Let me try to trace a path from the picture in differential geometry to the algebraic formula you gave.

Starting in differential geometry, let X be a manifold and Z a submanifold with normal bundle N. Consider XxR --> R. To construct the deformation to the normal bundle, the idea is that we want to replace the fiber at 0 with a copy of N. The trick is in specifying the topology, i.e., given a sequence of points (x,t) tending to the fiber at 0 (so t ---> 0), which ones do we declare to have a limit in N, and how do we describe that limit?

If we give ourselves a tubular neighborhood, this is easily done: we say that such a sequence (x,t) as t--->0 has a limit in N if x tends to a point in the tubular neighborhood, in which case the limit is that point, viewed as a point of N. (In simpler terms, the deformation to the normal bundle is just obtained by removing from XxR the complement to the tubular neighborhood in the fiber at 0.)
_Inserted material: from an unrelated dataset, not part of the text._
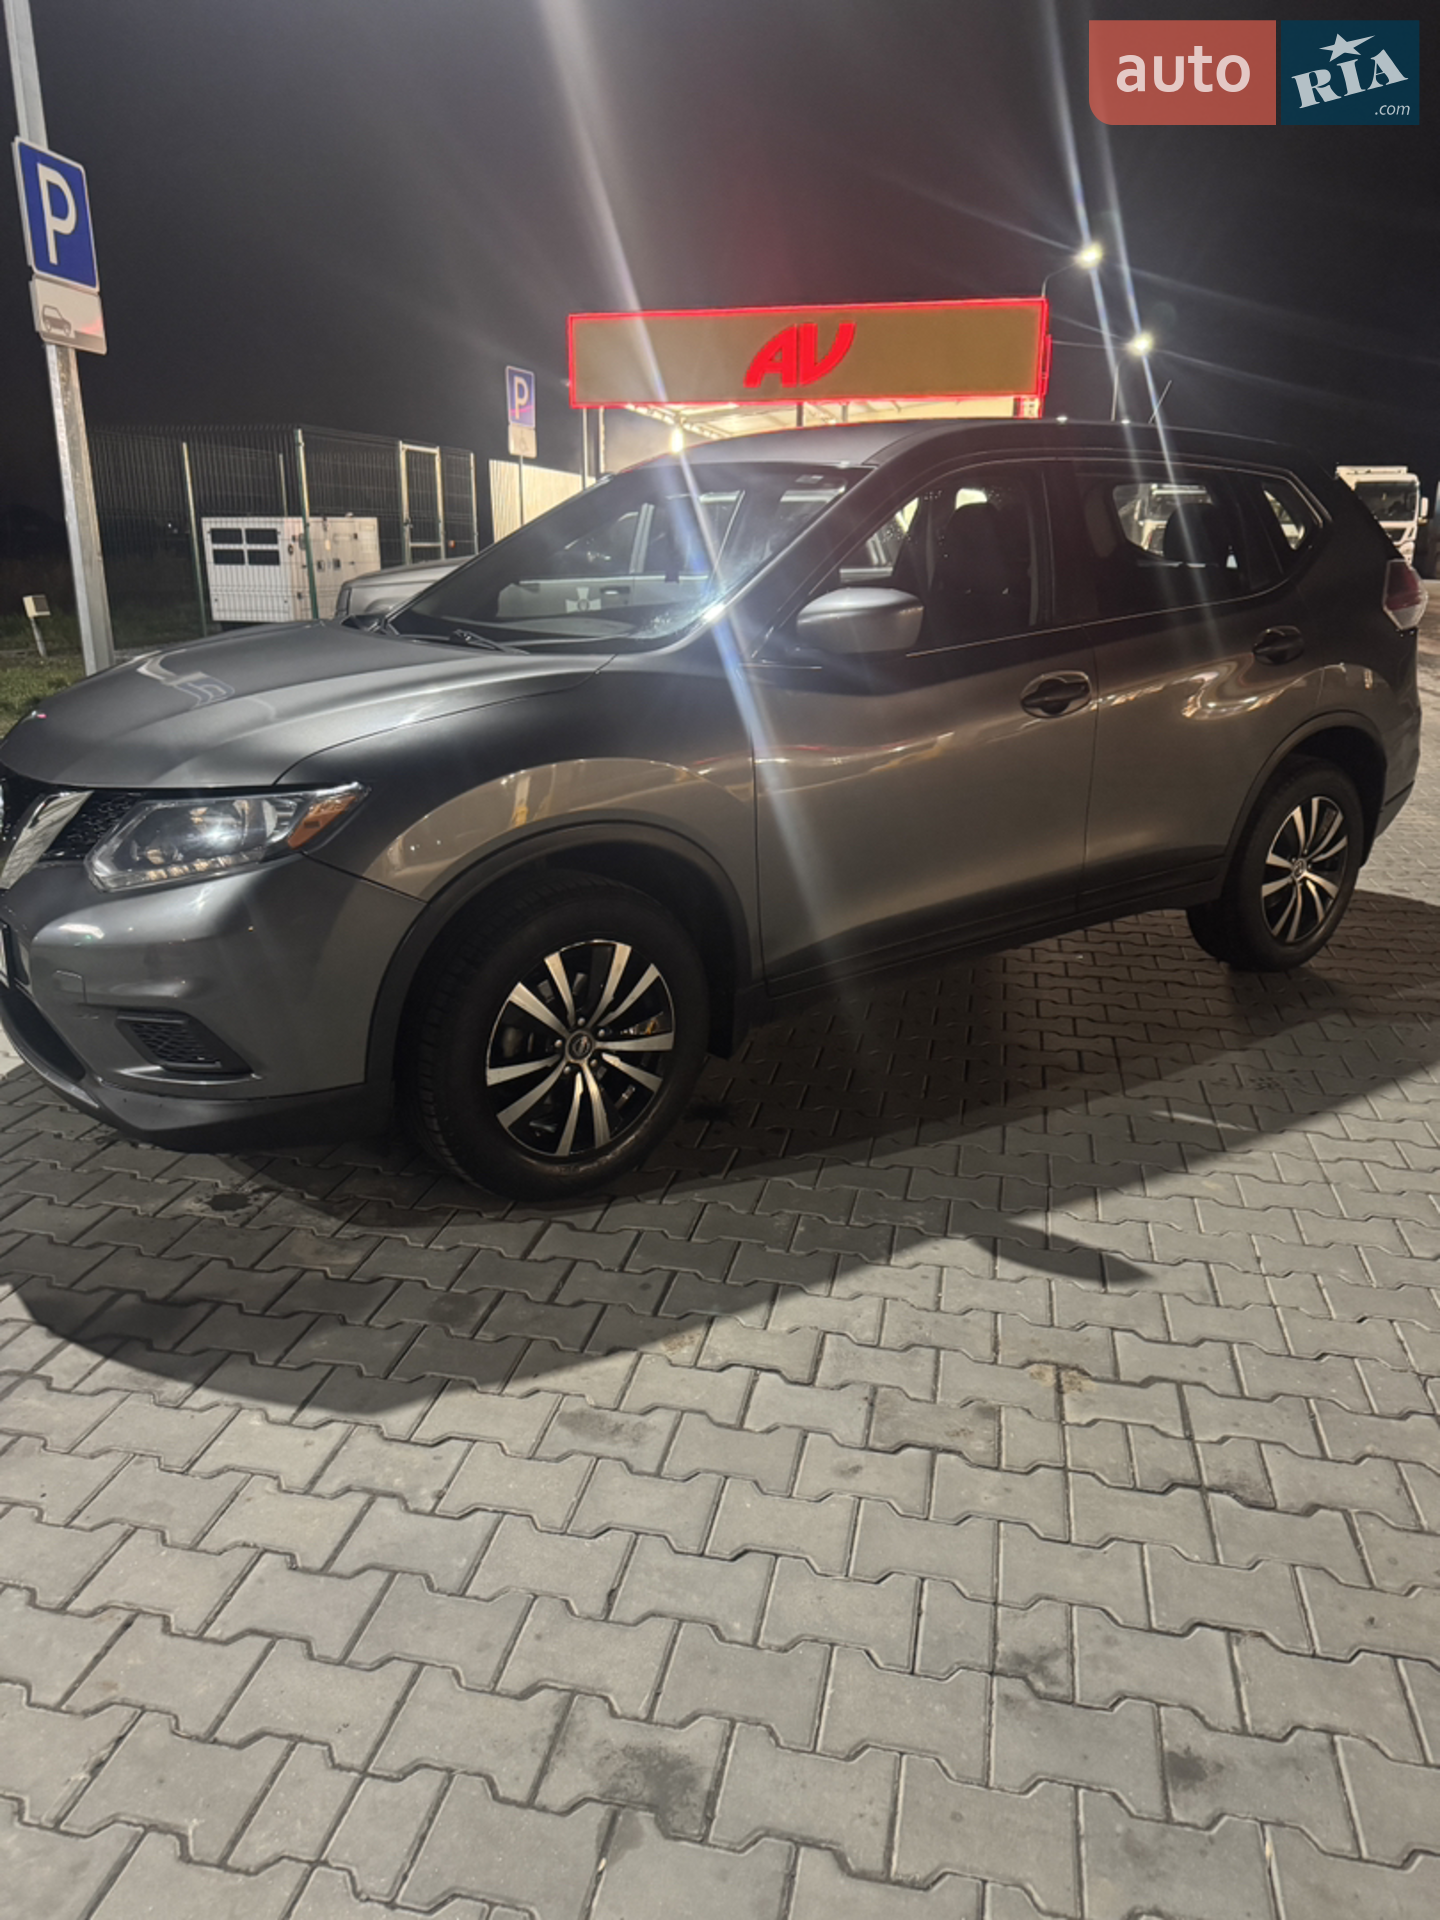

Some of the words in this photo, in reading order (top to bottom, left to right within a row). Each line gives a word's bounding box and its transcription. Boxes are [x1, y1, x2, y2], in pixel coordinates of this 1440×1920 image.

[37, 162, 77, 265] P
[743, 322, 855, 388] AV
[514, 375, 530, 420] P
But we can accomplish the same thing more canonically without a tubular neighborhood. The idea is that we consider only sequences of points (x,t) with t--->0 for which x actually tends to Z, and the limit in N will be gotten by remembering the direction along which we've approached Zx0.

More precisely, consider the possible directions along which a point of XxR can approach Zx0. This is the projective bundle of the normal bundle of Zx0 in XxR, or in other words the projective bundle of the direct sum of N with a copy of R. If we remove the section at infinity, we see just a copy of N. The section at infinity corresponds to points approaching Zx0 vertically, i.e. asymptotically along the fiber at 0, Xx0. So, truly, possible directions of points (x,t) approaching Zx0 non-vertically correspond to points of the normal bundle N. This gives another description of the deformation to the normal bundle.

This description is also easy to translate into algebraic geometry. What we did is to take XxA1, blow up Zx0 inside it, then remove the closure of the preimage of (X-Z)x0 in this blowup. So, we are more-or-less reduced to seeing how to describe blowups in terms of coordinate algebras. Maybe that's no less transparent than the original situation... but maybe I'll stop here for now and see if this was at all helpful. If so maybe we can try to figure out why the algebraic construction of the blow-up is what it is.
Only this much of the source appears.